Así, partidos como el de este miércoles nos permiten descubrir que el papel de algunos jugadores en el equipo va mucho más allá del esperado. Ese es el caso de Lucas Díaz, que durante todo el encuentro hace las veces de segundo entrenador sobre el campo, dirigiendo a sus compañeros, colocando al equipo, advirtiendo de las coberturas y hasta lanzando al resto de jugadores al ataque o reteniendo su avance.
El cambio de actitud de Aritz Solabarrieta, mucho más tranquilo en el área técnica que en jornadas anteriores, permitió que contra el filial rojillo cobrara protagonismo el portero, cuya voz sería la que más se escuchaba. Recolocando a Mantilla, que volvía al lateral tras muchas jornadas en el centro de la defensa. Vigilando la espalda de Óscar Gil, advirtiéndole de que no siguiera al ariete rival, ya marcado de sobra. O avisando a Matic de que podía controlar con calma, sin contrarios cerca.
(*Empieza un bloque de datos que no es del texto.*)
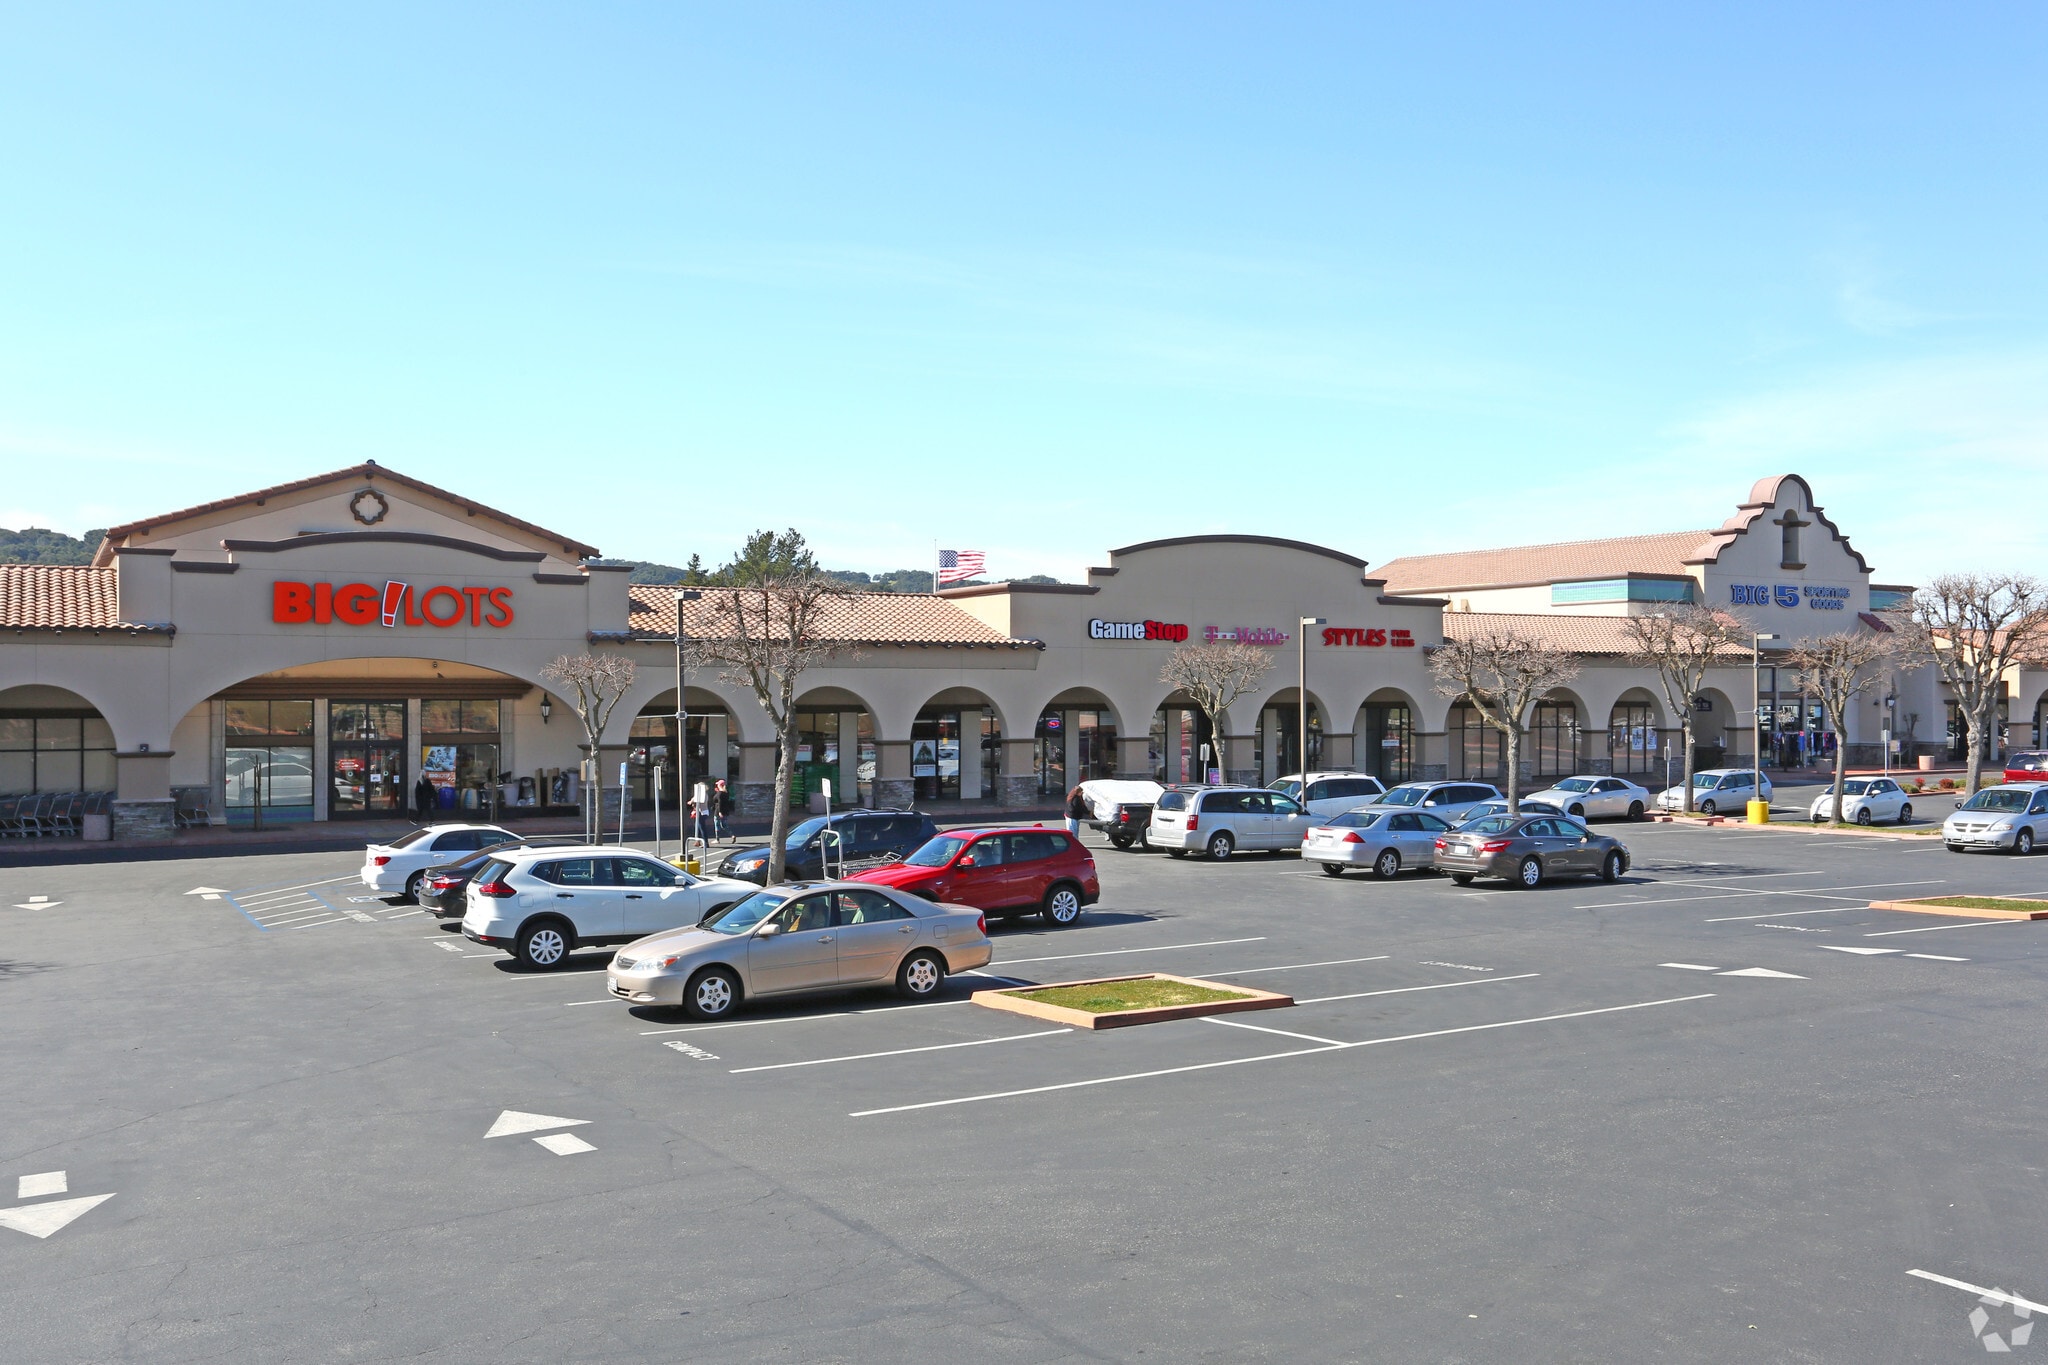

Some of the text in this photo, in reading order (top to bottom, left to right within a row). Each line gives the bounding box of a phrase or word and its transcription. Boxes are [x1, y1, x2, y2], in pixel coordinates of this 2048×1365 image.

[1731, 584, 1800, 608] BIG 5
[1088, 618, 1189, 643] GameStop
[1322, 627, 1387, 646] STYLES
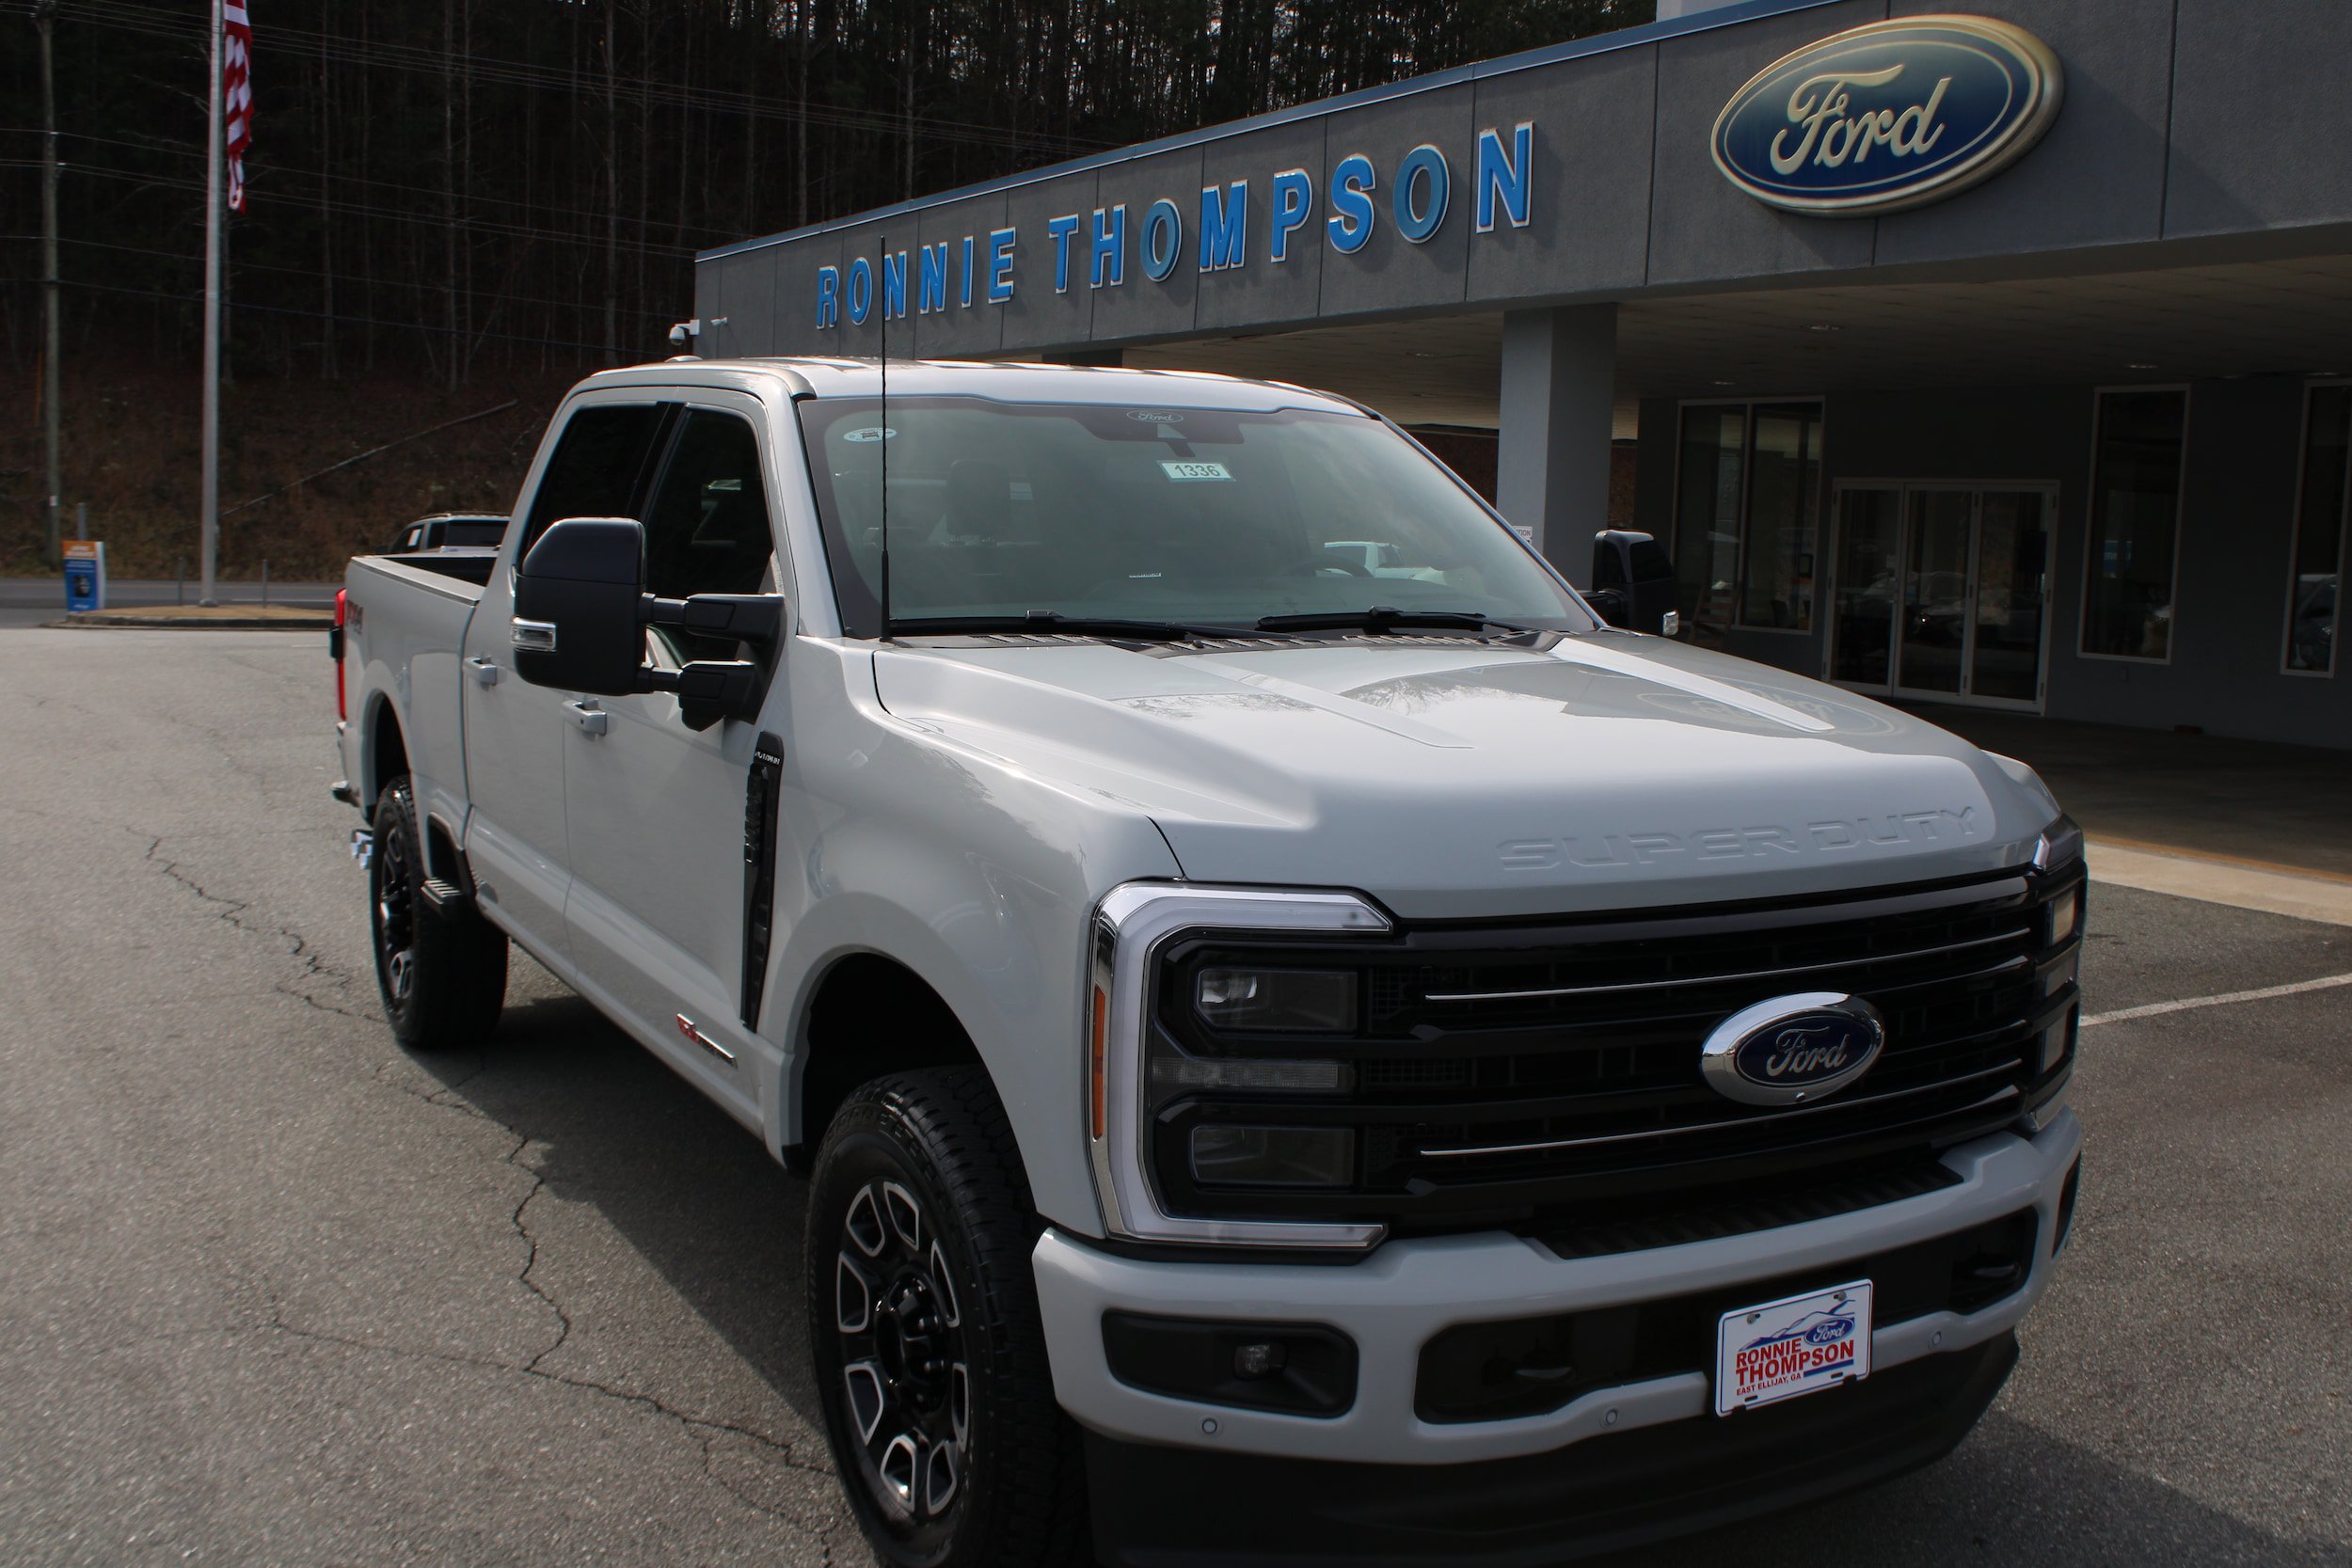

Con un ojo en el juego y otro en el banquillo, el mimetismo con su entrenador llega a tal punto, que cuando Aritz saca un botellín de agua, el guardameta se encamina hacia las redes para hidratarse también.
En las faltas a favor, tampoco descansa: Lucas se acerca hasta el medio campo y llama a sus centrales. «Que queden dos de cierre», parece decirle a Óscar Gil, y el capitán asiente en la distancia.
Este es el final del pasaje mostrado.